EXERCISE: Whatever appears in the records should be given again exactly, down to the last mark.
*** Opening of EXTRACTED MATERIAL ***
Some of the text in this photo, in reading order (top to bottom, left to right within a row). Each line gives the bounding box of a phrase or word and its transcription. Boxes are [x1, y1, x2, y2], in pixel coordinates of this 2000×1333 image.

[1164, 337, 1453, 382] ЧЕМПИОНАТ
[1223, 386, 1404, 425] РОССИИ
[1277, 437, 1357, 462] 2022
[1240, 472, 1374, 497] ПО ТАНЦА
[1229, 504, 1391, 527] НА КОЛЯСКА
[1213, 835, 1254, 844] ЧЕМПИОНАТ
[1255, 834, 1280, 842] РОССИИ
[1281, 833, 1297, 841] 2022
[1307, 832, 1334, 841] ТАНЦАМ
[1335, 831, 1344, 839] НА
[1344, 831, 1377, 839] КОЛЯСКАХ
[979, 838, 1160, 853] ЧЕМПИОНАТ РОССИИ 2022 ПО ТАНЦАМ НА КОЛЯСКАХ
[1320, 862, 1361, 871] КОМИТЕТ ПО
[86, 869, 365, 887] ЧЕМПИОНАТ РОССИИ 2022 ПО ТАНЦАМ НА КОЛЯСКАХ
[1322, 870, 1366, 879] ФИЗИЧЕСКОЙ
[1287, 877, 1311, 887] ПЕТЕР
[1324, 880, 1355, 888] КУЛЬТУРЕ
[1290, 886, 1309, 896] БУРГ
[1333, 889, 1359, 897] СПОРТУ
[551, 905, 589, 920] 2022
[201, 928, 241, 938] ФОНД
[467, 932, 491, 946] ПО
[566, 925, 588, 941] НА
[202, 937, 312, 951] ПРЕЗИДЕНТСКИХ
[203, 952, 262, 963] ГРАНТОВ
*** Close of EXTRACTED MATERIAL ***
YOUR SOLUTION:
Some of the text in this photo, in reading order (top to bottom, left to right within a row). Each line gives the bounding box of a phrase or word and its transcription. Boxes are [x1, y1, x2, y2], in pixel coordinates of this 2000×1333 image.

[1164, 337, 1453, 382] ЧЕМПИОНАТ
[1223, 386, 1404, 425] РОССИИ
[1277, 437, 1357, 462] 2022
[1240, 472, 1374, 497] ПО ТАНЦА
[1229, 504, 1391, 527] НА КОЛЯСКА
[1213, 835, 1254, 844] ЧЕМПИОНАТ
[1255, 834, 1280, 842] РОССИИ
[1281, 833, 1297, 841] 2022
[1307, 832, 1334, 841] ТАНЦАМ
[1335, 831, 1344, 839] НА
[1344, 831, 1377, 839] КОЛЯСКАХ
[979, 838, 1160, 853] ЧЕМПИОНАТ РОССИИ 2022 ПО ТАНЦАМ НА КОЛЯСКАХ
[1320, 862, 1361, 871] КОМИТЕТ ПО
[86, 869, 365, 887] ЧЕМПИОНАТ РОССИИ 2022 ПО ТАНЦАМ НА КОЛЯСКАХ
[1322, 870, 1366, 879] ФИЗИЧЕСКОЙ
[1287, 877, 1311, 887] ПЕТЕР
[1324, 880, 1355, 888] КУЛЬТУРЕ
[1290, 886, 1309, 896] БУРГ
[1333, 889, 1359, 897] СПОРТУ
[551, 905, 589, 920] 2022
[201, 928, 241, 938] ФОНД
[467, 932, 491, 946] ПО
[566, 925, 588, 941] НА
[202, 937, 312, 951] ПРЕЗИДЕНТСКИХ
[203, 952, 262, 963] ГРАНТОВ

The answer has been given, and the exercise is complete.